EXCERPTED DATA:

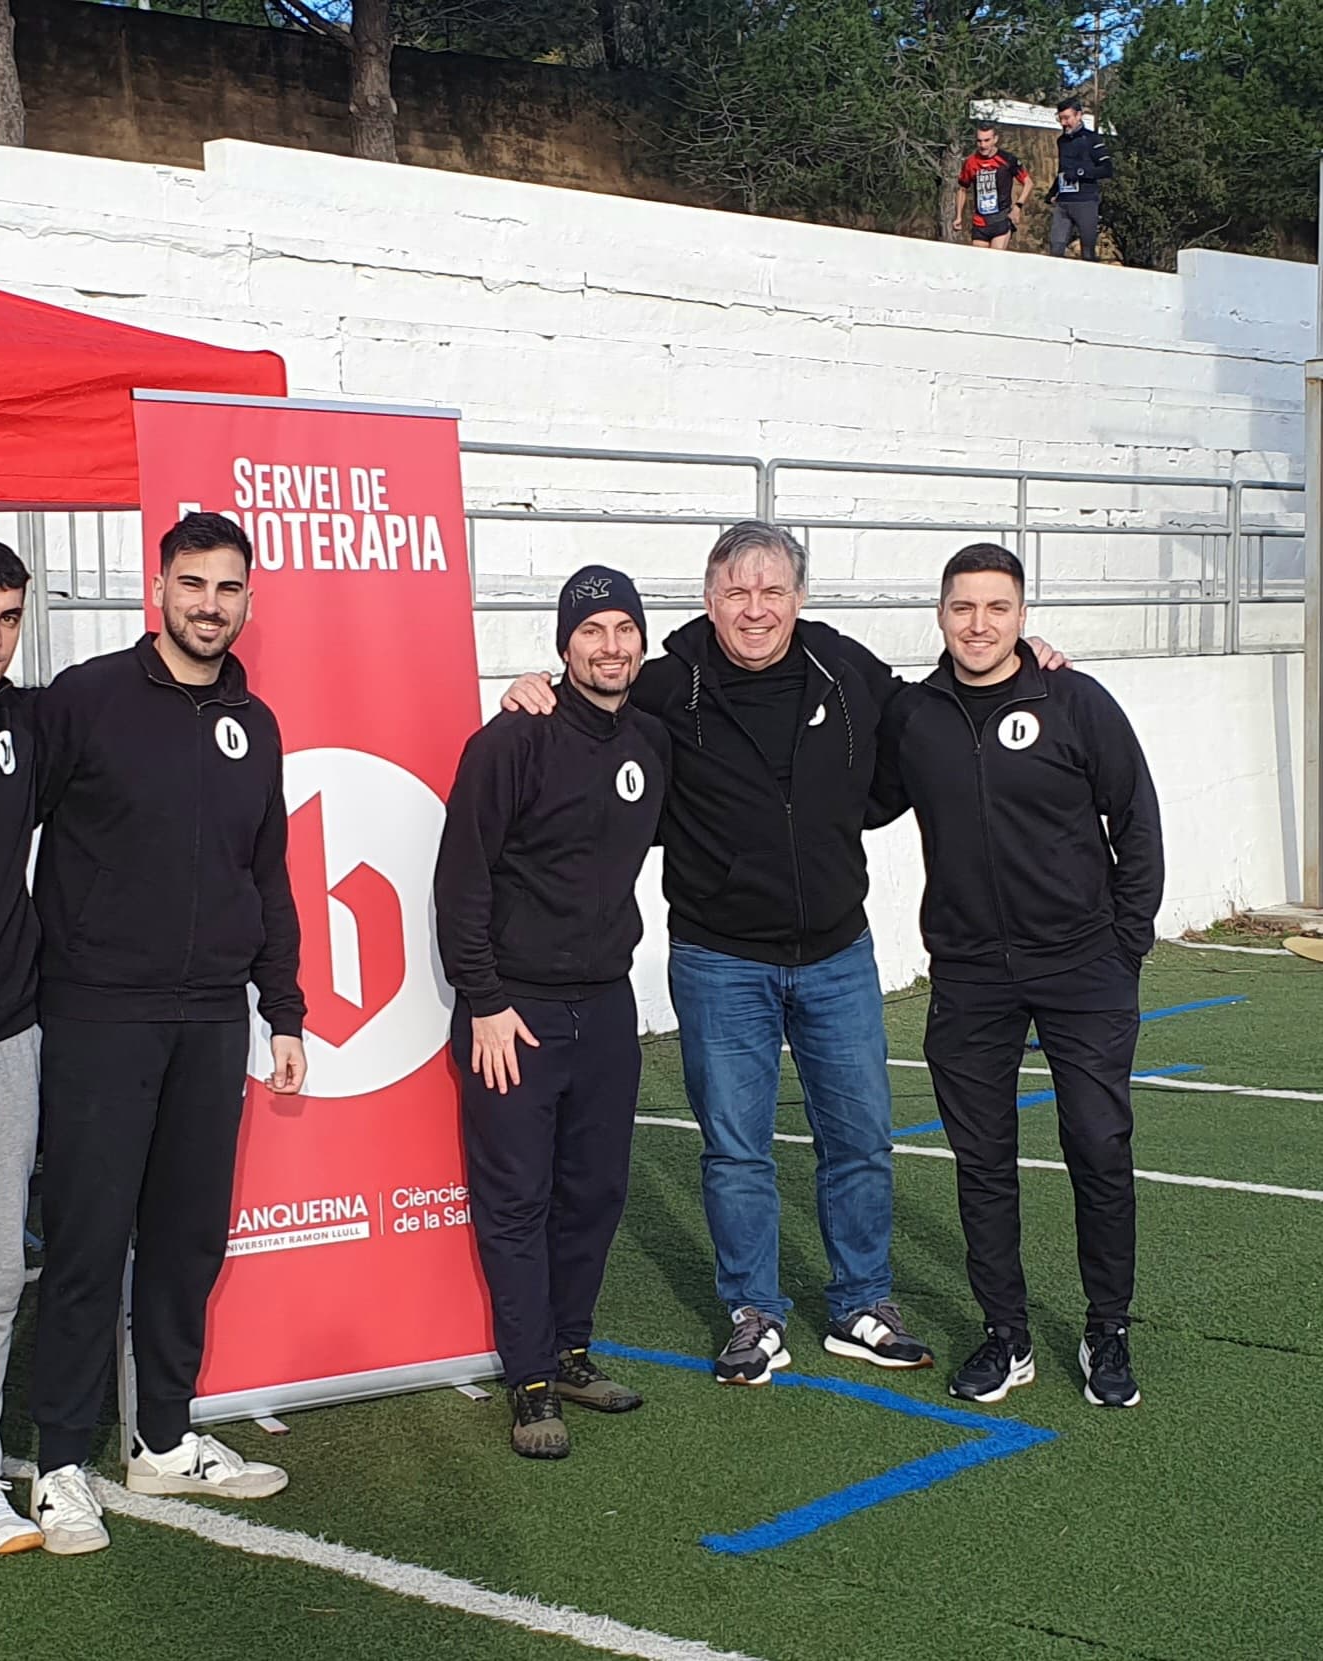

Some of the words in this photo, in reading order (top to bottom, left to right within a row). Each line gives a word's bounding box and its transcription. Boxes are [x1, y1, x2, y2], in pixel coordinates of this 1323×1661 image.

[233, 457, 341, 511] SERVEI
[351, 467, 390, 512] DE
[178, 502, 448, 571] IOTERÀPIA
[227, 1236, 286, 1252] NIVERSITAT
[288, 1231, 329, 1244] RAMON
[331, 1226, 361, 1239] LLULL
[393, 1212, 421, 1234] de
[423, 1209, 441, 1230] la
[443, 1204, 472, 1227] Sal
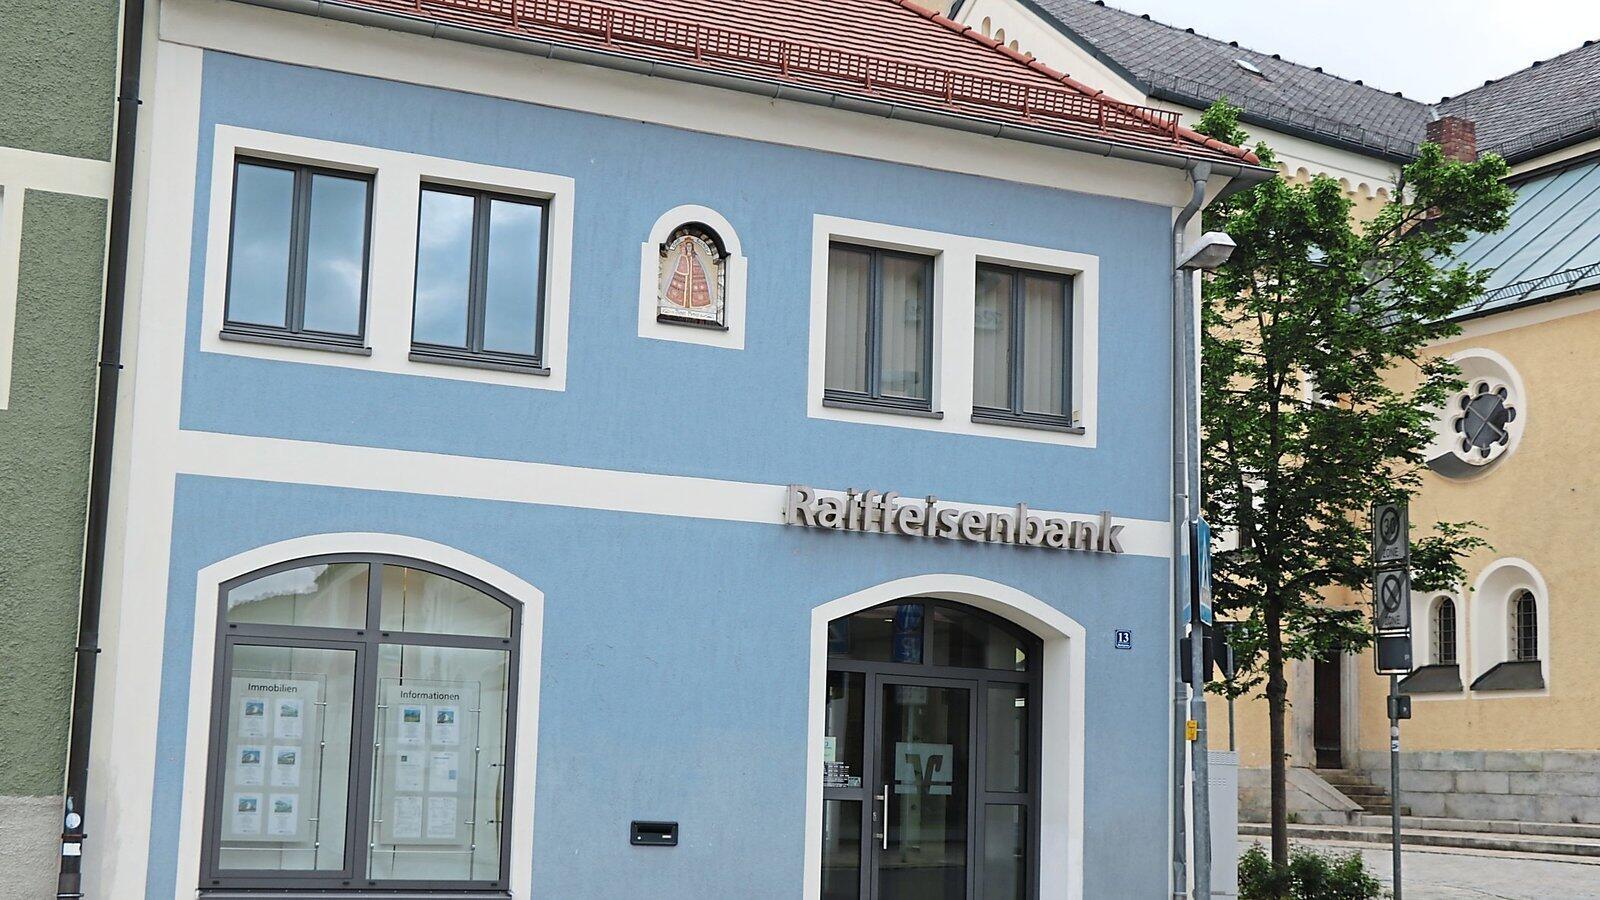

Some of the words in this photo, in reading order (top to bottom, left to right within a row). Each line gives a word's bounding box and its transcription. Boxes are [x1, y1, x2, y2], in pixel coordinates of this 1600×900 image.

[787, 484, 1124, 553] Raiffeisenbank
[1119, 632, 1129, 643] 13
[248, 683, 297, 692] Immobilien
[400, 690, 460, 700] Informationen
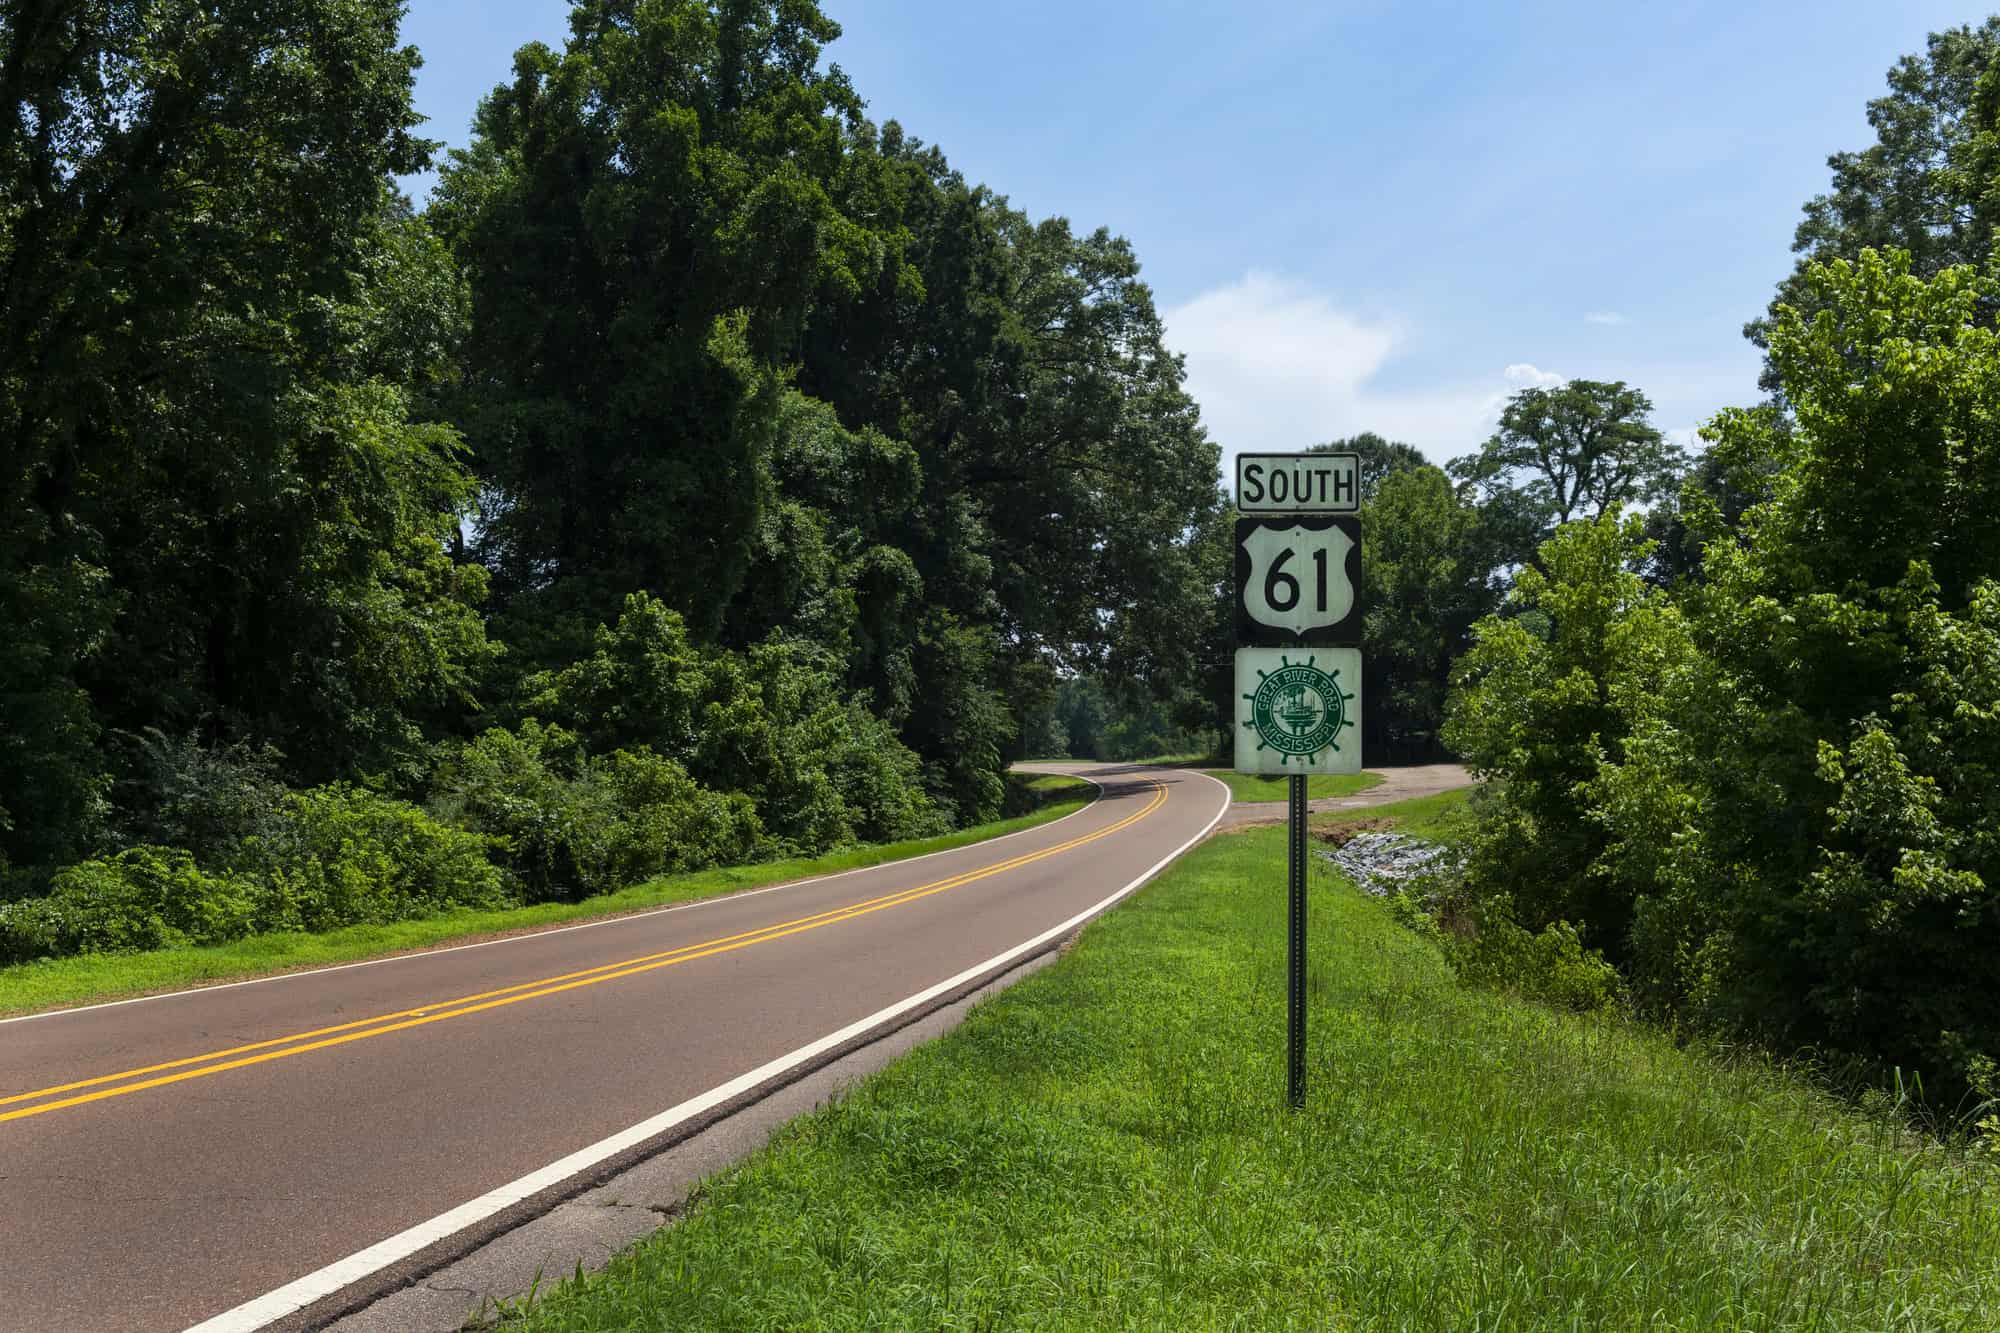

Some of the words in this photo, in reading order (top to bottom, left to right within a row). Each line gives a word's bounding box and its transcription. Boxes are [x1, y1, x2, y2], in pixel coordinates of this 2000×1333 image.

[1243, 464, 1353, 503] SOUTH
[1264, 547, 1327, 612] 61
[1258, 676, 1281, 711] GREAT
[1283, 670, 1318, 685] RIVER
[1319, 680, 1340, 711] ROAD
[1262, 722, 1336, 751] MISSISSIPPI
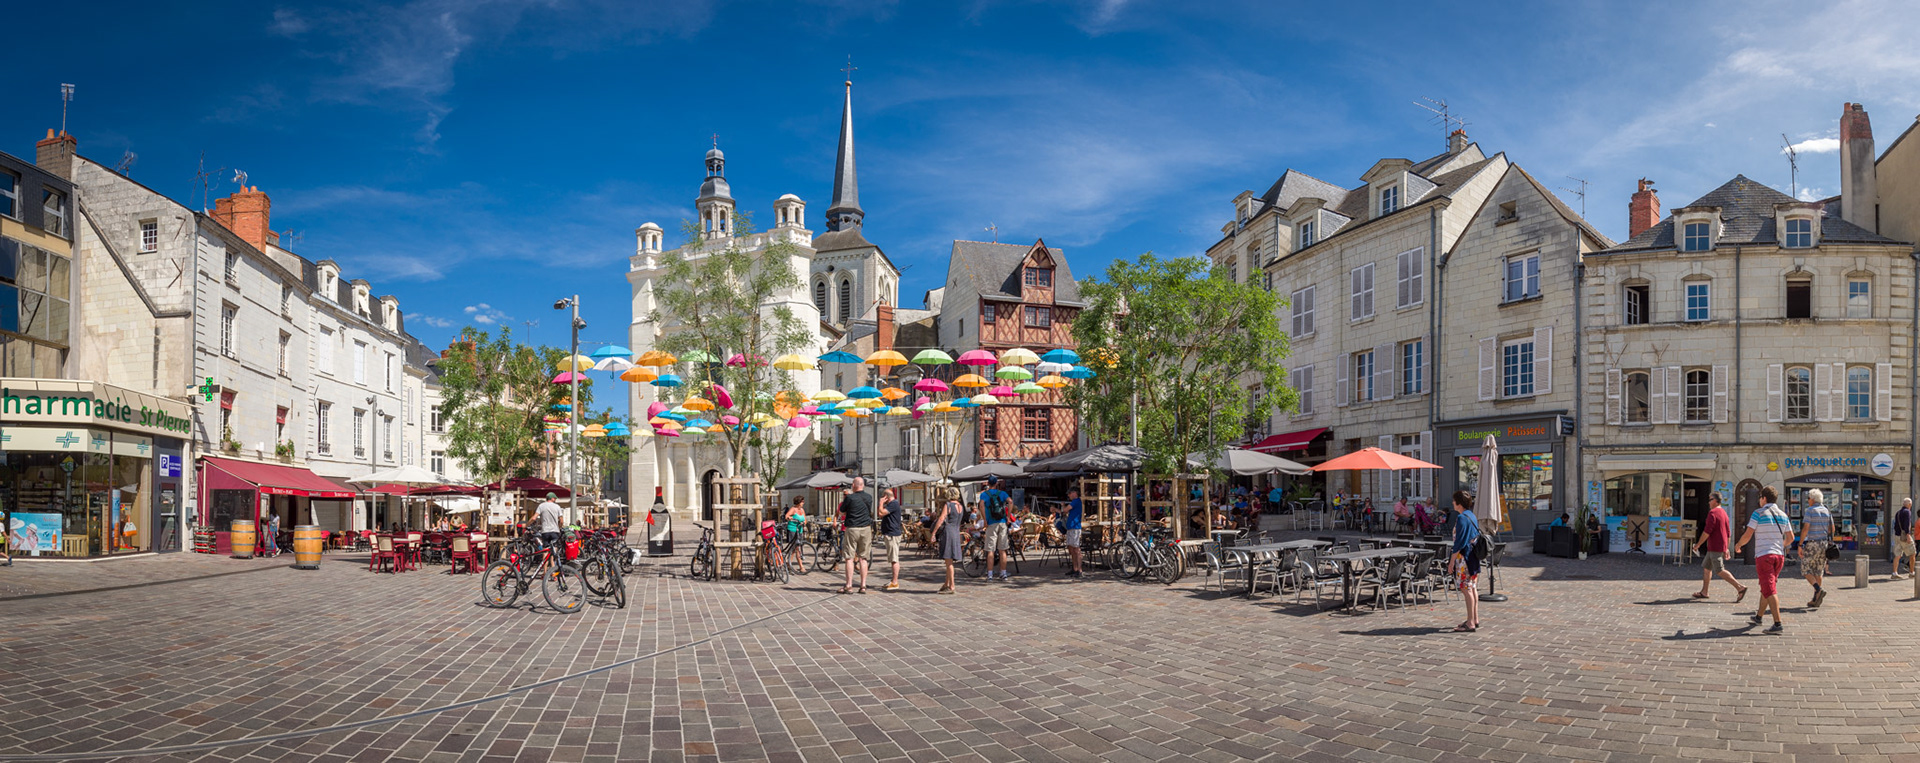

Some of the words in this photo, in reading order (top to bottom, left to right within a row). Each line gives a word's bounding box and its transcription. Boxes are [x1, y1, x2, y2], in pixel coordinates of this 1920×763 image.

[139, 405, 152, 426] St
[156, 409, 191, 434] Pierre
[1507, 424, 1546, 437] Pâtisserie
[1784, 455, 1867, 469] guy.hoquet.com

DIRECTIONS FOR THIS TASK: Each line of the data must be restated exactly, and the pictures must be left out.

REPLY TO THE EXERCISE:
Some of the words in this photo, in reading order (top to bottom, left to right within a row). Each line gives a word's bounding box and its transcription. Boxes are [x1, y1, x2, y2], in pixel coordinates of this 1323×1661 image.

[233, 457, 341, 511] SERVEI
[351, 467, 390, 512] DE
[178, 502, 448, 571] IOTERÀPIA
[227, 1236, 286, 1252] NIVERSITAT
[288, 1231, 329, 1244] RAMON
[331, 1226, 361, 1239] LLULL
[393, 1212, 421, 1234] de
[423, 1209, 441, 1230] la
[443, 1204, 472, 1227] Sal

Some of the words in this photo, in reading order (top to bottom, left to right within a row). Each line gives a word's bounding box and its transcription. Boxes are [x1, y1, x2, y2], in pixel coordinates of this 1600×900 image.

[787, 484, 1124, 553] Raiffeisenbank
[1119, 632, 1129, 643] 13
[248, 683, 297, 692] Immobilien
[400, 690, 460, 700] Informationen

Some of the words in this photo, in reading order (top to bottom, left to right within a row). Each line gives a word's bounding box and its transcription. Boxes are [x1, y1, x2, y2], in pixel coordinates of this 2000×1333 image.

[1243, 464, 1353, 503] SOUTH
[1264, 547, 1327, 612] 61
[1258, 676, 1281, 711] GREAT
[1283, 670, 1318, 685] RIVER
[1319, 680, 1340, 711] ROAD
[1262, 722, 1336, 751] MISSISSIPPI

Some of the words in this photo, in reading order (top to bottom, left to right within a row). Each line gives a word's bounding box and its transcription. Boxes are [x1, y1, x2, y2], in pixel coordinates of this 1920×763 image.

[139, 405, 152, 426] St
[156, 409, 191, 434] Pierre
[1507, 424, 1546, 437] Pâtisserie
[1784, 455, 1867, 469] guy.hoquet.com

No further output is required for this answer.